Une autre scène abstraite allait se dérouler le même soir dans le 19-20 de FR3. À la fin de son interview, Claude Evin, ministre de la Santé, acceptait de boire un verre de Perrier servi par Paul Amar. Nouveau coup de pub bienvenu pour la marque.
Claude Evin boit un verre de Perrier
1990 - 00:40 - vidéo
À la source du scandale
Entre méfiance et indifférence des consommateurs interrogés dans le micro-trottoir ci-dessous, les bouteilles allaient rapidement être retirées des rayonnages en France. Des examens furent immédiatement menés à la source de Vergèze dans le Gard, à 15 kilomètres de Nîmes, par l'Institut d'hydrologie de Clermont-Ferrand. Dans l'archive suivante, Denise Pépin, sa directrice, donnait les résultats des tests. Et contre toute attente, elle annonçait que le benzène ne se trouvait pas dans la source, mais était « vraisemblablement » la conséquence d'un problème de filtrage.

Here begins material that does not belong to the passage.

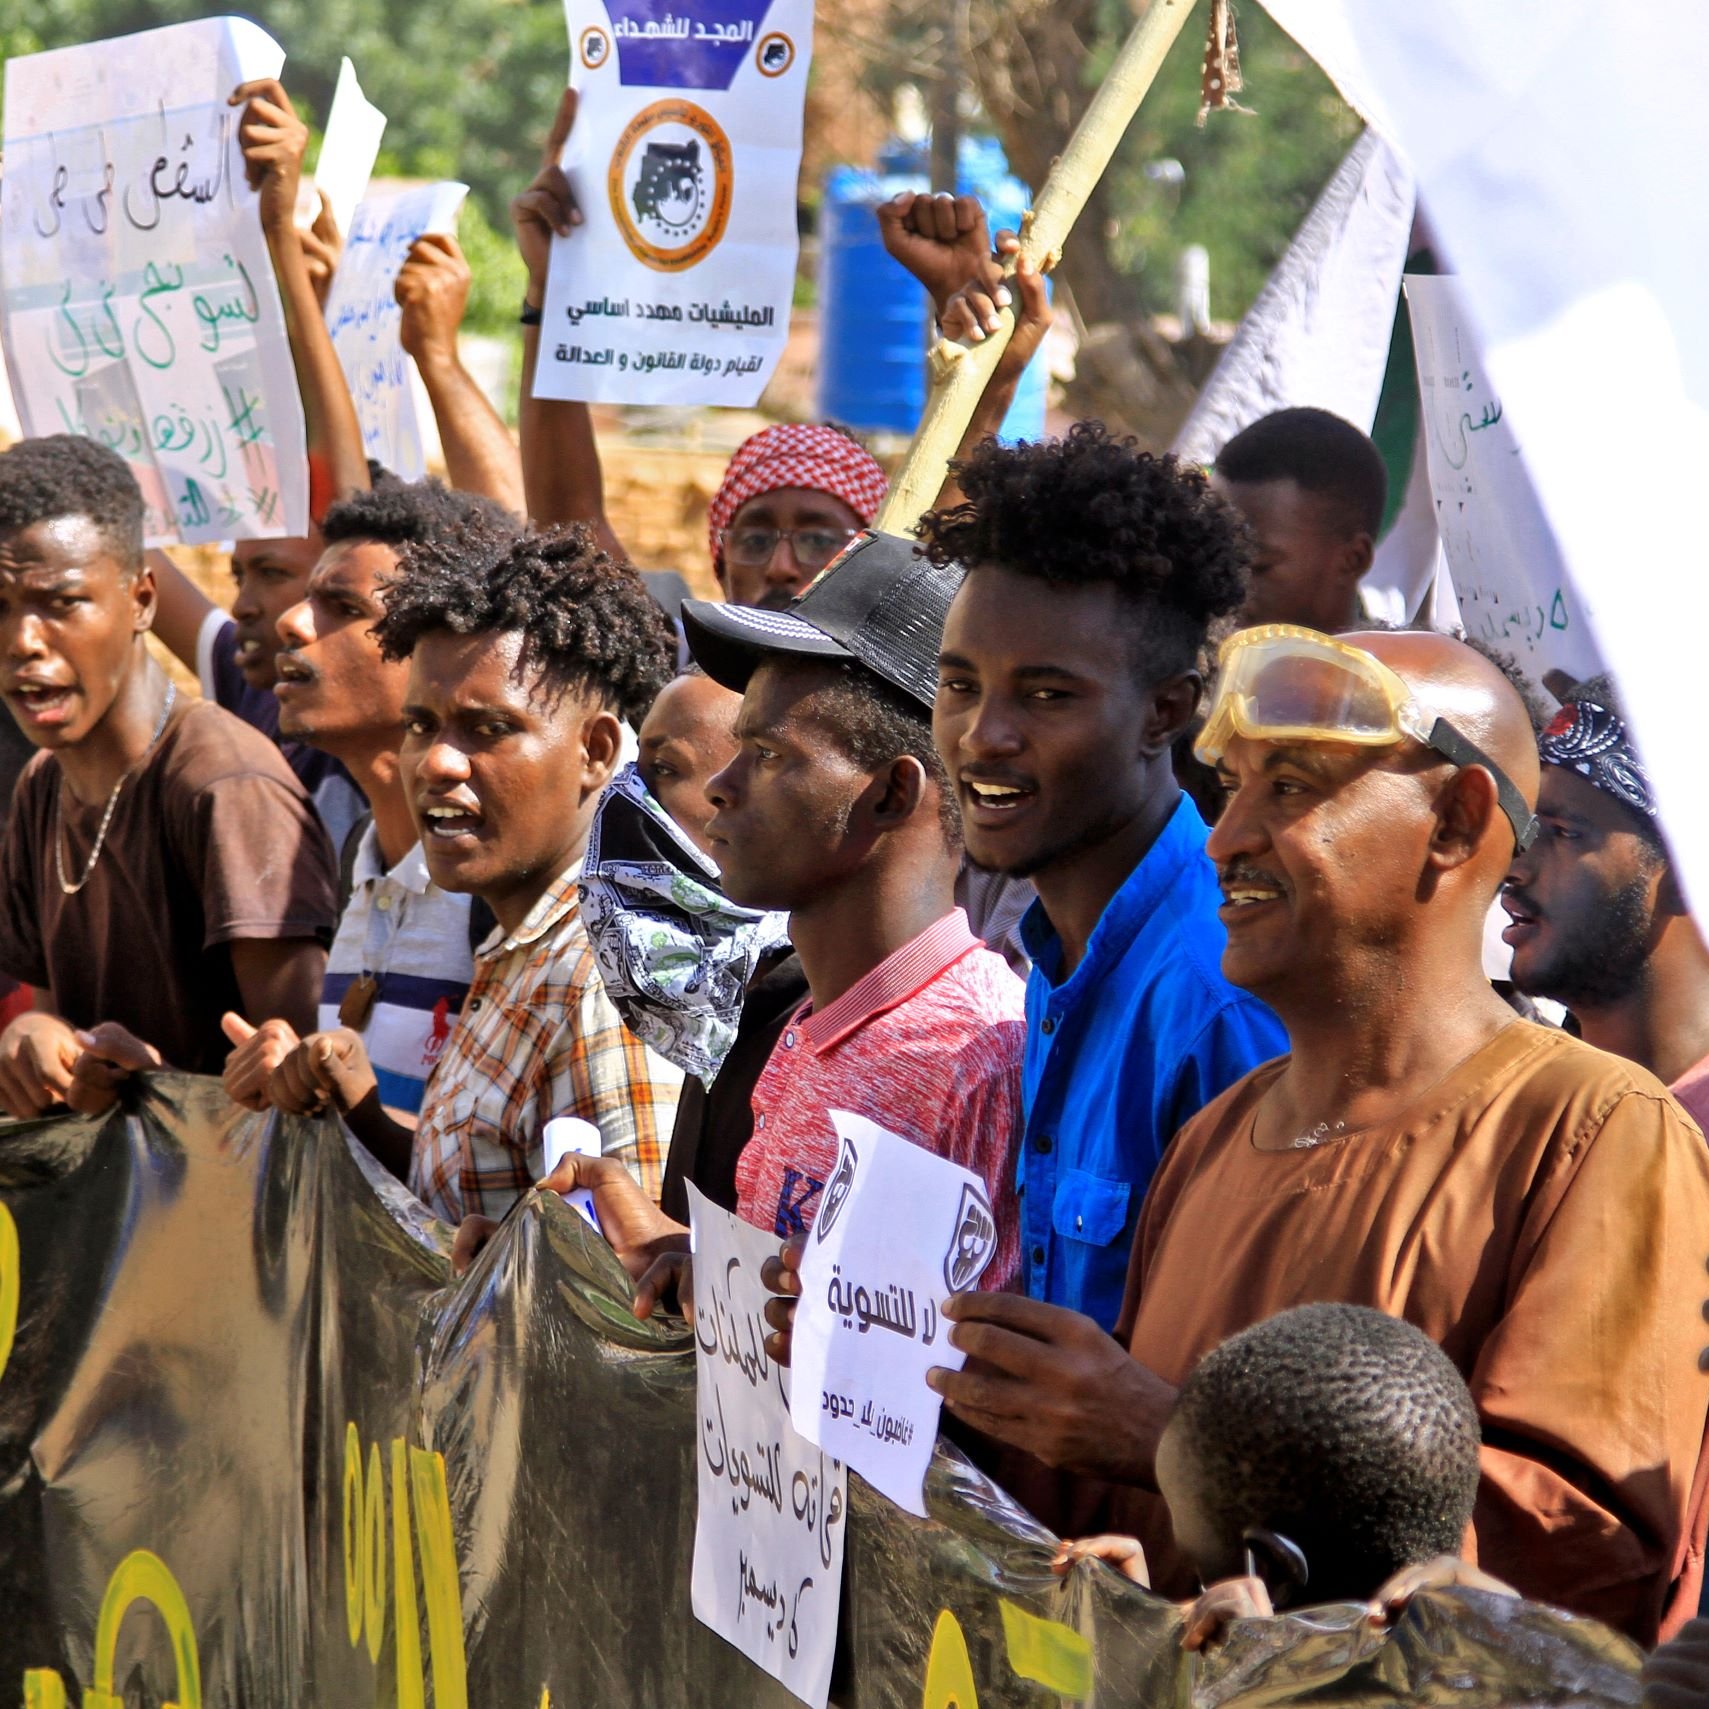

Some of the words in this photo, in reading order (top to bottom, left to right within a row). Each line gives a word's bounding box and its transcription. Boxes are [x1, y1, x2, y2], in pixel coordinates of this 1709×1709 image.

Benzène trouvé dans de l'eau Perrier
1990 - 03:06 - vidéo
L'enquête mène à une erreur humaine
Une erreur humaine était donc à l'origine de la polémique. En effet, à l'entrée des chaînes d'embouteillages, un filtre était chargé d'arrêter les impuretés contenues dans le dioxyde de carbone de la source. Il devait être remplacé tous les six à huit mois, ce qui n'avait pas été fait, laissant passer le benzène dans le produit fini.
Traces de benzène dans l'eau Perrier : enquête à la source
1990 - 02:03 - vidéo
Cette crise ne fut pas sans conséquences. Les ventes de la marque s'effondrèrent et le chiffre d'affaires de Perrier ne retrouva son niveau de 1989 qu'en 2013.